**Exercise goal:**
Please give back the listing exactly, without any of its pictures.

**Material shown:**
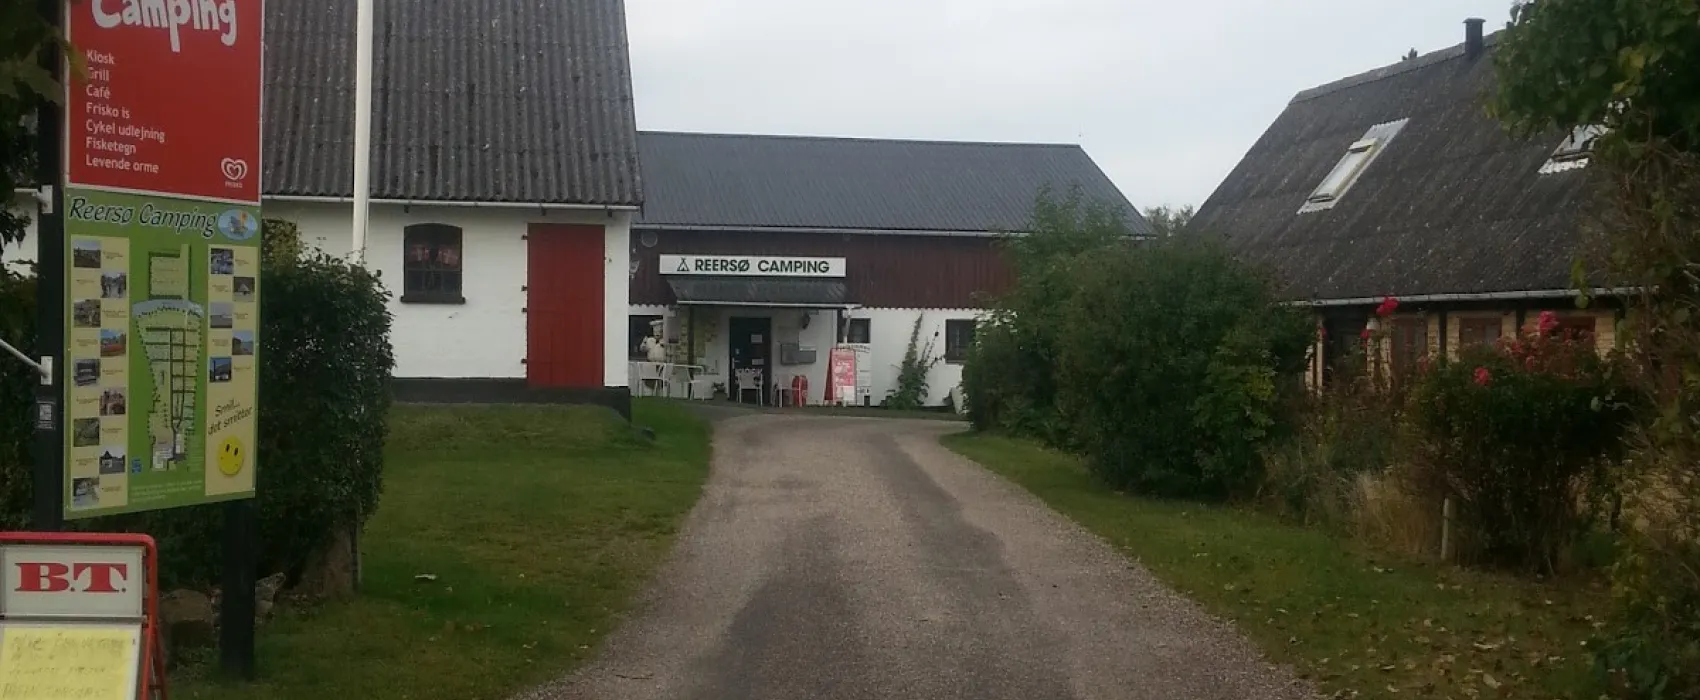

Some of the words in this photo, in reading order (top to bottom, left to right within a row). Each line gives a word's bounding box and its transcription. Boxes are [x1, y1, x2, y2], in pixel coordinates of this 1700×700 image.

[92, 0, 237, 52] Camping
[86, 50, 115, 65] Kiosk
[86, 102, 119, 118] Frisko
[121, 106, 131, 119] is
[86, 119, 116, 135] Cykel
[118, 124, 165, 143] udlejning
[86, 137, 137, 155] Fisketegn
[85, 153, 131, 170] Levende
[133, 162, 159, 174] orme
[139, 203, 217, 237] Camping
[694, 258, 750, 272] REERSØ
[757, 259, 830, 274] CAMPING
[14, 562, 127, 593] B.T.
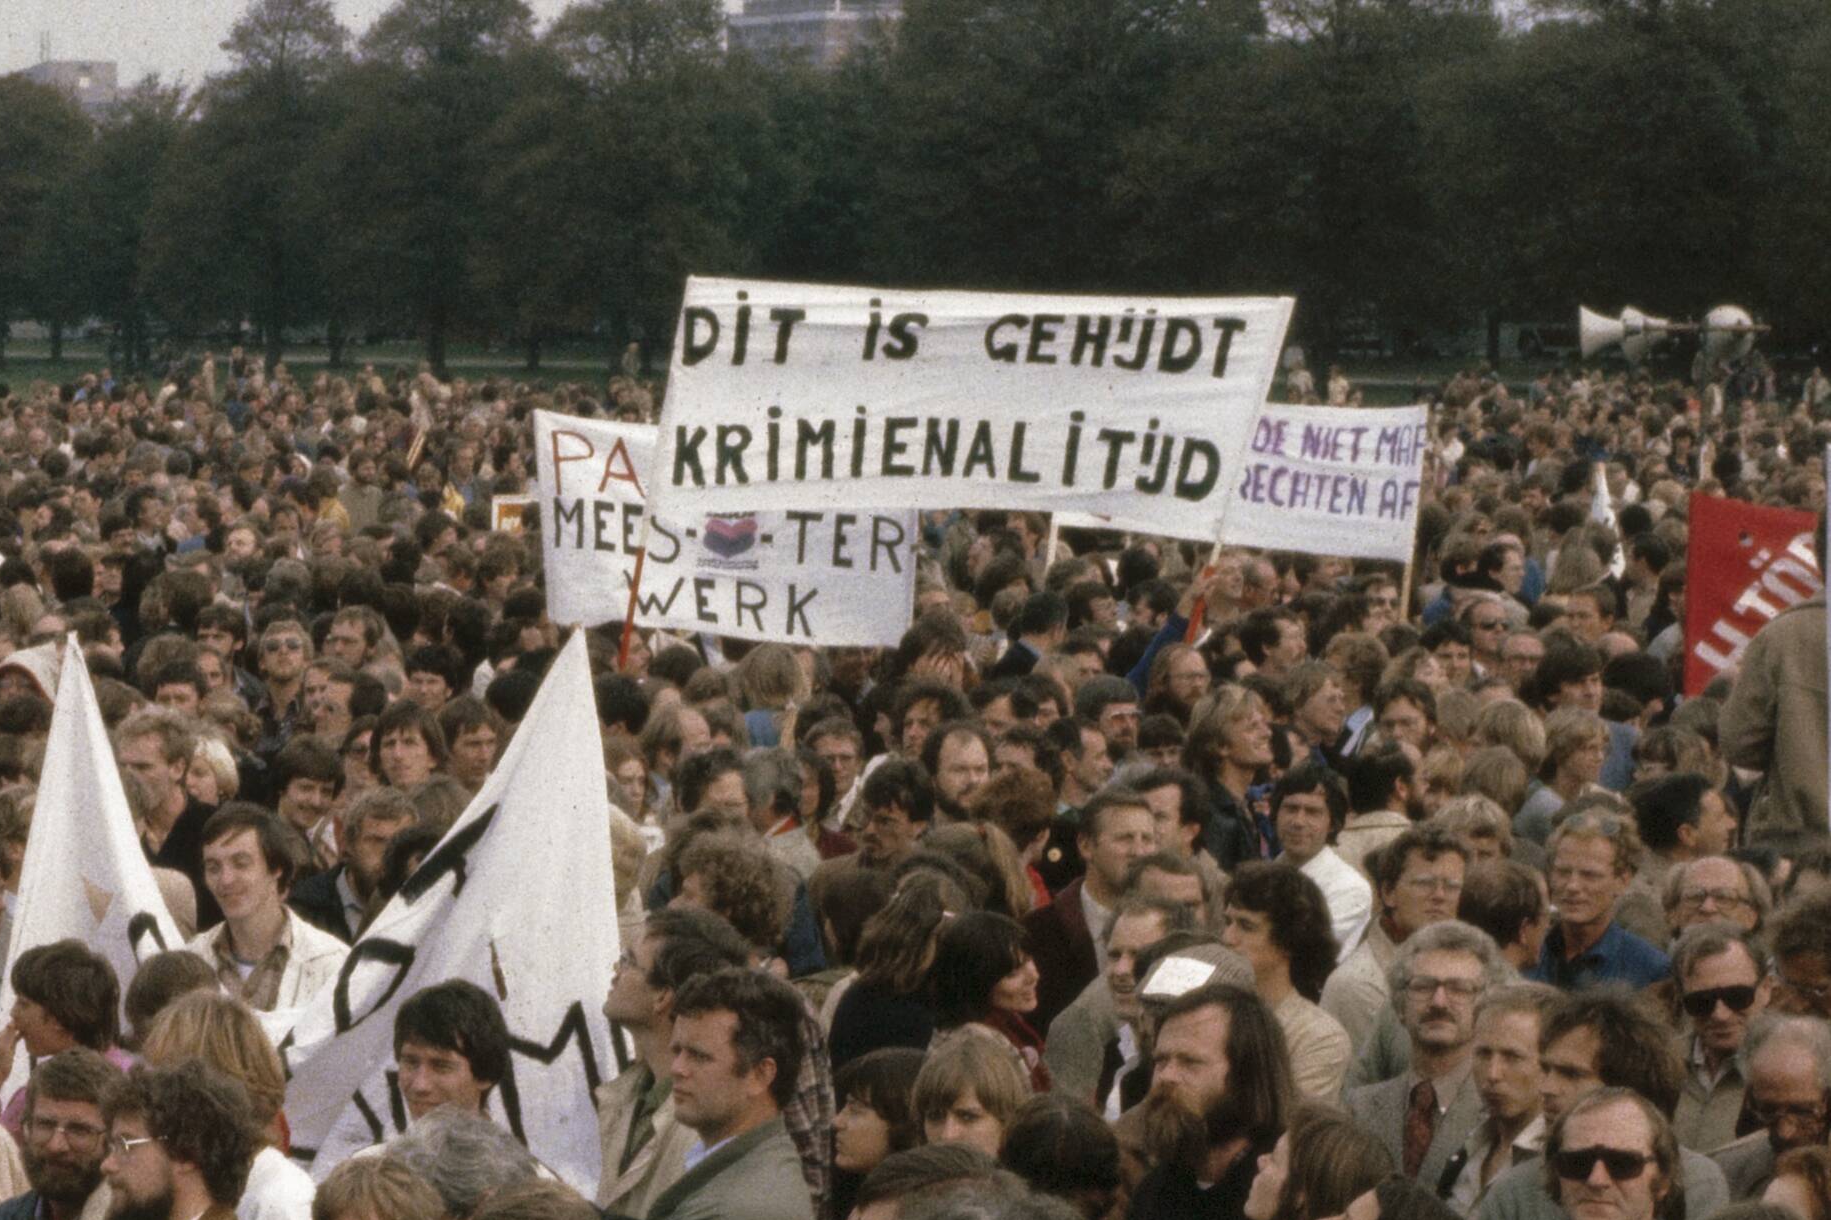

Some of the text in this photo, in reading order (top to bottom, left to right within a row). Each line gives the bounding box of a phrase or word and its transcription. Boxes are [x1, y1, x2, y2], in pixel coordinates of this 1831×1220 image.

**Task result:**
Some of the words in this photo, in reading order (top to bottom, left to right within a row). Each line gives a word's bounding box and its transcription. Boxes are [x1, y1, x2, y2], in pixel coordinates of this 1700×700 image.

[92, 0, 237, 52] Camping
[86, 50, 115, 65] Kiosk
[86, 102, 119, 118] Frisko
[121, 106, 131, 119] is
[86, 119, 116, 135] Cykel
[118, 124, 165, 143] udlejning
[86, 137, 137, 155] Fisketegn
[85, 153, 131, 170] Levende
[133, 162, 159, 174] orme
[139, 203, 217, 237] Camping
[694, 258, 750, 272] REERSØ
[757, 259, 830, 274] CAMPING
[14, 562, 127, 593] B.T.

Some of the text in this photo, in reading order (top to bottom, left to right within a row). Each line gives the bounding box of a phrase or word and its transcription. Boxes are [x1, y1, x2, y2], in pixel coordinates of this 1831×1220 image.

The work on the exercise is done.